* Records for the task *
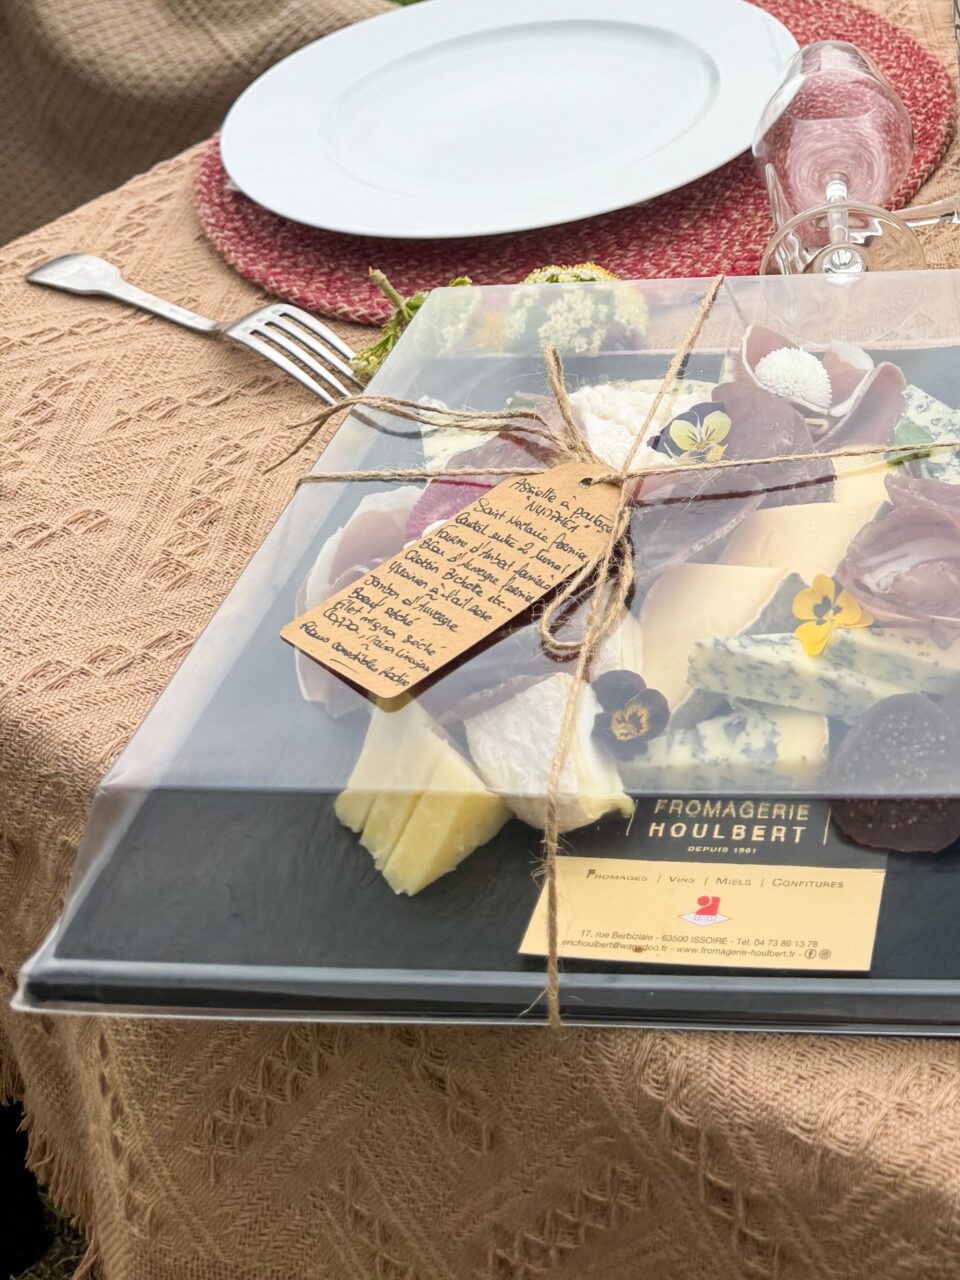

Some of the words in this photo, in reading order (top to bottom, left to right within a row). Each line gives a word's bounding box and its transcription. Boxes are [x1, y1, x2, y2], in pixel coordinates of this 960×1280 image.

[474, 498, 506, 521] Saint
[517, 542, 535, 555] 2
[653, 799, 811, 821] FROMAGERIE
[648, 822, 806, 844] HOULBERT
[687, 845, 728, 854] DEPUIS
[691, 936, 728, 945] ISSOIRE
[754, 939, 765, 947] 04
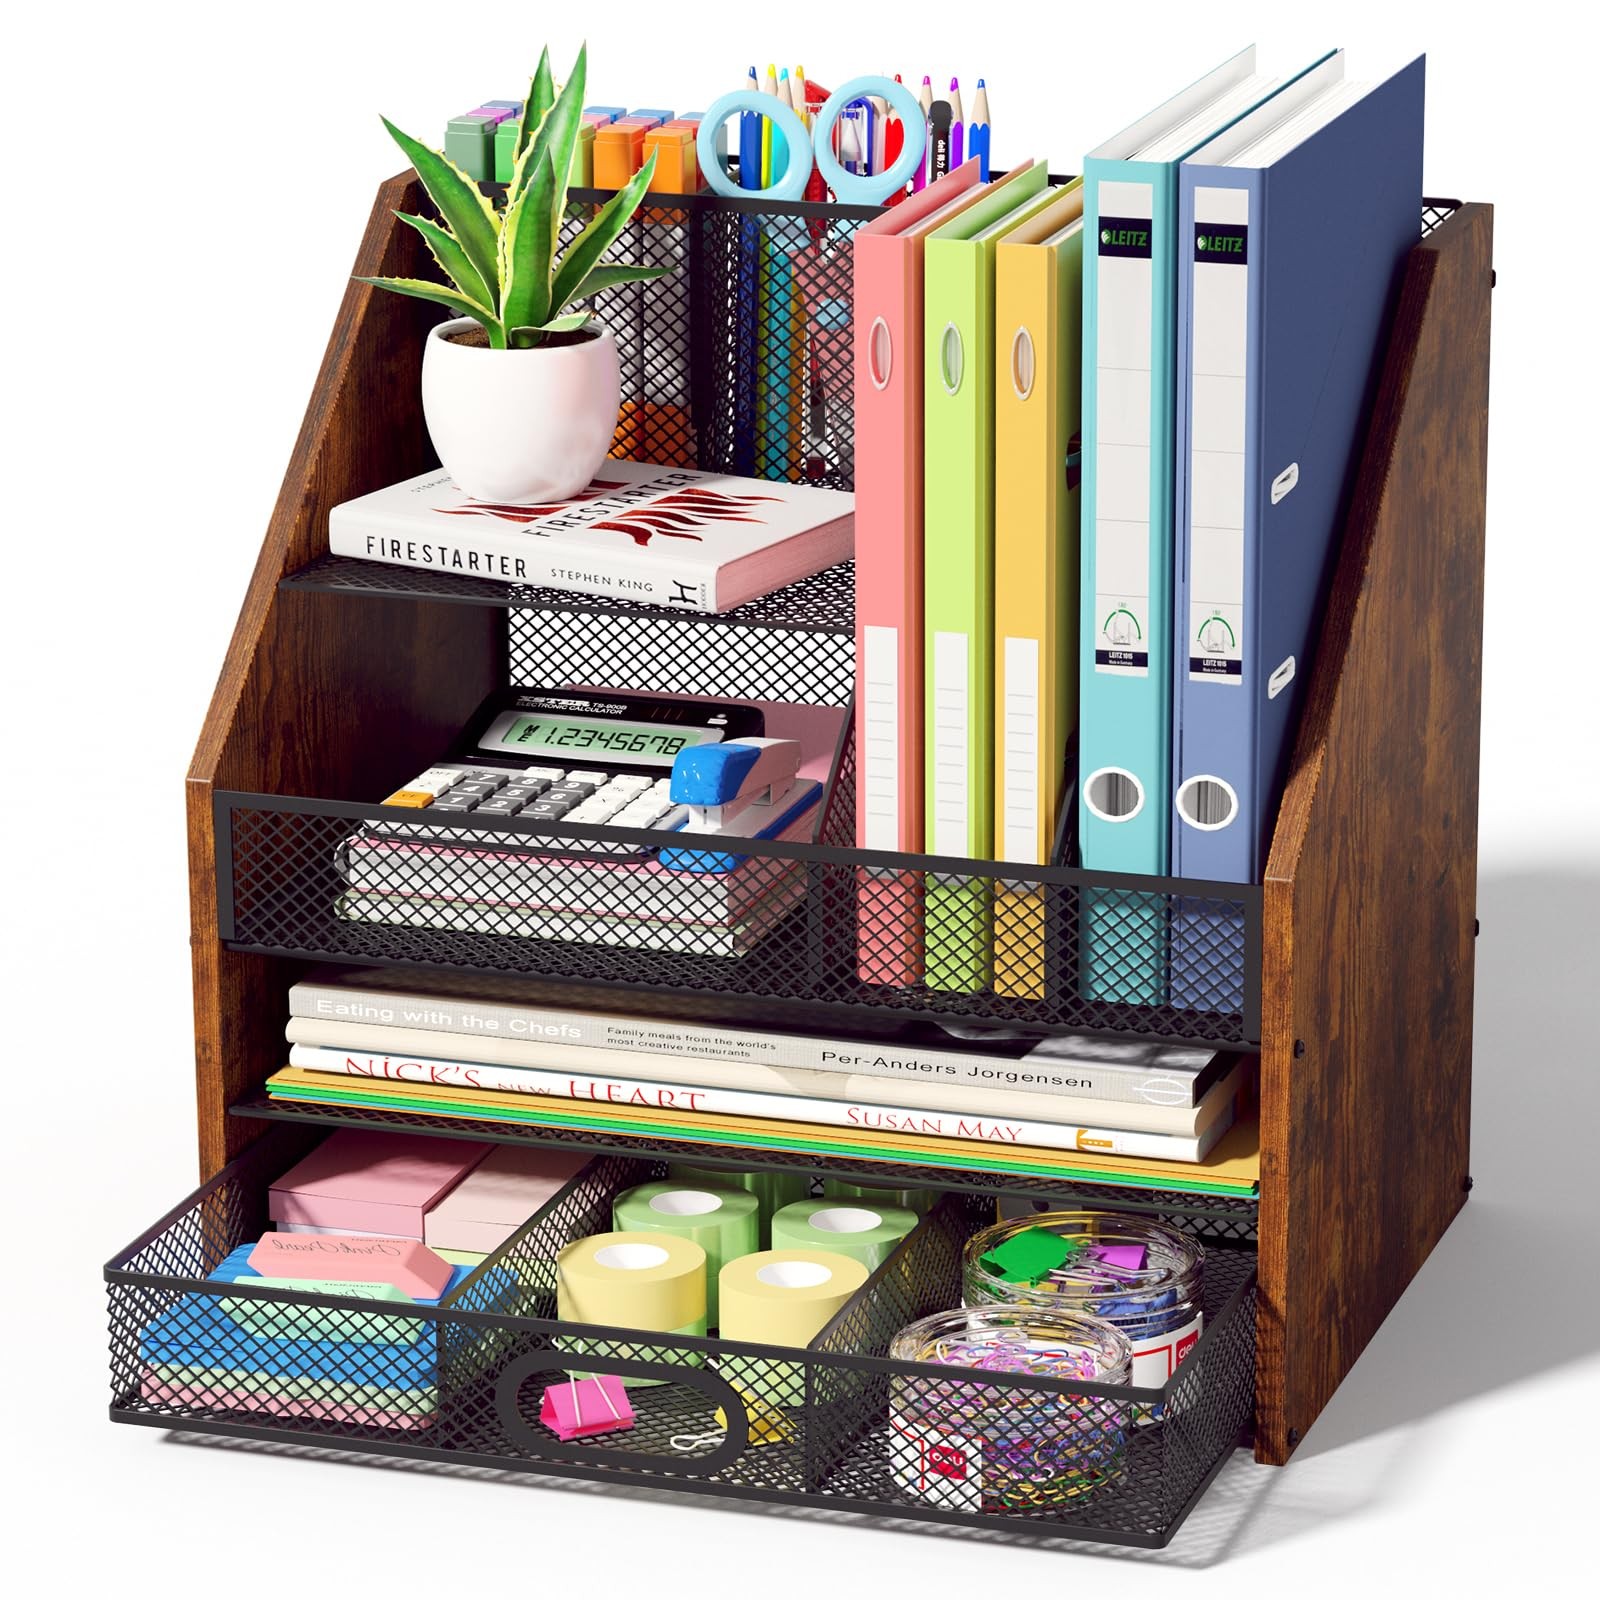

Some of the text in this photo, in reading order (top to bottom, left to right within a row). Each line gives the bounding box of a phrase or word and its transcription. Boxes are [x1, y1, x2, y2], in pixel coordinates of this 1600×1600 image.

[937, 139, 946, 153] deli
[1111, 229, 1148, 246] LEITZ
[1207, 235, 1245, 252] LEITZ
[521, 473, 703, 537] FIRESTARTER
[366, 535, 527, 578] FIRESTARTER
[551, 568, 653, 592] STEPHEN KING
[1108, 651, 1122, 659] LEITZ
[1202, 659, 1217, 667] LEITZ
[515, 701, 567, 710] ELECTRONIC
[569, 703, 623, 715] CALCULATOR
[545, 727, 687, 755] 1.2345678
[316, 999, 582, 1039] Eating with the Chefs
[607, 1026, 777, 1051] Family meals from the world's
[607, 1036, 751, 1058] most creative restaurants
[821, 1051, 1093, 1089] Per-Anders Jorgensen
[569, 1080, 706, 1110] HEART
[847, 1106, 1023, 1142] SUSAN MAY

* The task *
Keep the pictures out of your copy, and repeat every entry above exactly.

* Response to the exercise *
Some of the words in this photo, in reading order (top to bottom, left to right within a row). Each line gives a word's bounding box and its transcription. Boxes are [x1, y1, x2, y2], in pixel coordinates of this 960×1280 image.

[474, 498, 506, 521] Saint
[517, 542, 535, 555] 2
[653, 799, 811, 821] FROMAGERIE
[648, 822, 806, 844] HOULBERT
[687, 845, 728, 854] DEPUIS
[691, 936, 728, 945] ISSOIRE
[754, 939, 765, 947] 04

Some of the text in this photo, in reading order (top to bottom, left to right within a row). Each line gives the bounding box of a phrase or word and its transcription. Boxes are [x1, y1, x2, y2], in pixel coordinates of this 1600×1600 image.

[937, 139, 946, 153] deli
[1111, 229, 1148, 246] LEITZ
[1207, 235, 1245, 252] LEITZ
[521, 473, 703, 537] FIRESTARTER
[366, 535, 527, 578] FIRESTARTER
[551, 568, 653, 592] STEPHEN KING
[1108, 651, 1122, 659] LEITZ
[1202, 659, 1217, 667] LEITZ
[515, 701, 567, 710] ELECTRONIC
[569, 703, 623, 715] CALCULATOR
[545, 727, 687, 755] 1.2345678
[316, 999, 582, 1039] Eating with the Chefs
[607, 1026, 777, 1051] Family meals from the world's
[607, 1036, 751, 1058] most creative restaurants
[821, 1051, 1093, 1089] Per-Anders Jorgensen
[569, 1080, 706, 1110] HEART
[847, 1106, 1023, 1142] SUSAN MAY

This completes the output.